Storing Your Encrypted Passwords Offline On a Dedicated Device 107
An anonymous reader writes "The Hackaday writer Mathieu Stephan (alias limpkin) has just launched a new open source/hardware project together with the Hackaday community. The concept behind this product is to minimize the number of ways your passwords can be compromised, while generating long and complex random passwords for the different websites people use daily. It consists of a main device where users' credentials are encrypted, and a PIN locked smartcard containing the encryption key. Simply visit a website and the device will ask for confirmation to enter your credentials when you need to login. All development steps will be documented and all resources available for review."
Re:if you can access it on a website (Score:5, Informative)
The way it's described in TFA, you can't "access it on a website" (whatever that means).

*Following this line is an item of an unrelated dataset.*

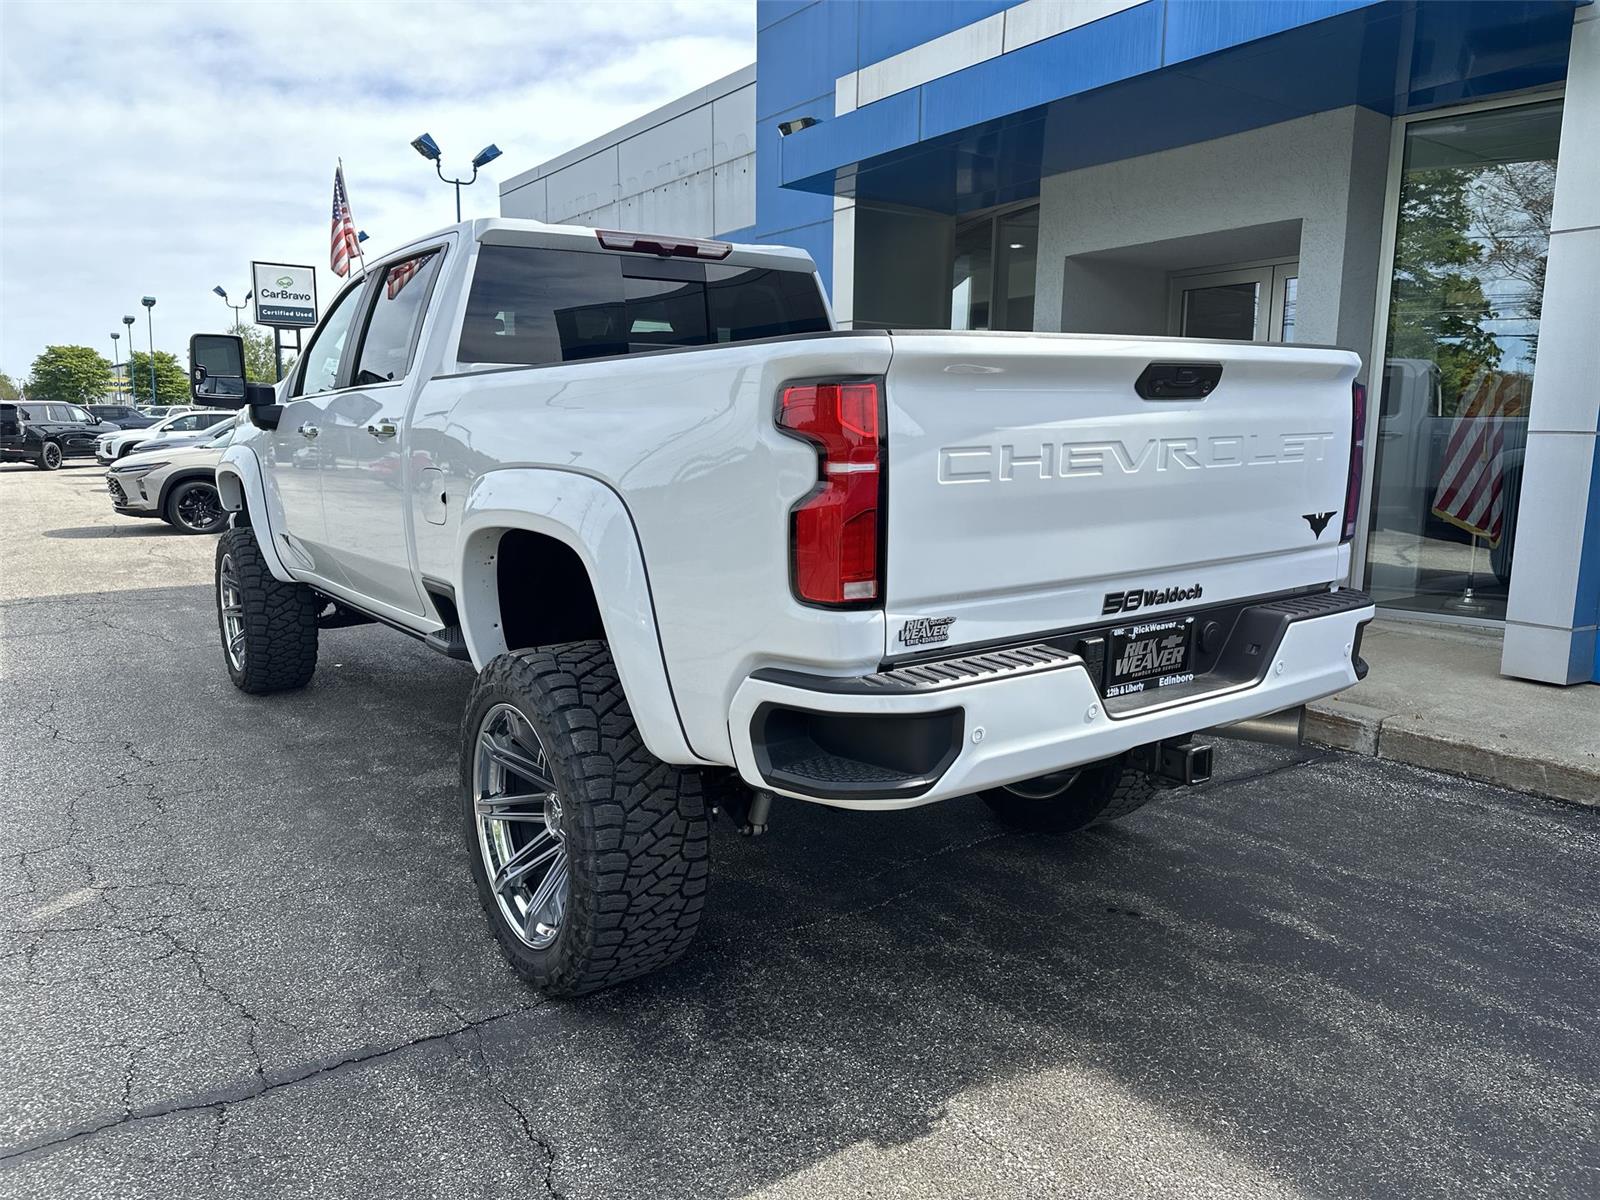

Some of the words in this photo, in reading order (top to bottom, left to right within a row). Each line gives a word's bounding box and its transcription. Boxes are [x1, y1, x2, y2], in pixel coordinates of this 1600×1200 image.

It's a USB device that generates and stores passwords. The stored passwords are encrypted using a key contained in a smartcard. When you want a password, you use the touchscreen on the device to generate or decrypt a password and spit it out to the computer (presumably, the device looks to the computer like a HID keyboard device).
The only communication would, therefore, be from the device to the computer. All user interaction is through the device's touchscreen. The smartcard handles the security.
It's not a bad approach, though it would/could be ridiculously clumsy to use once you have accumulated hundreds or thousands of passwords.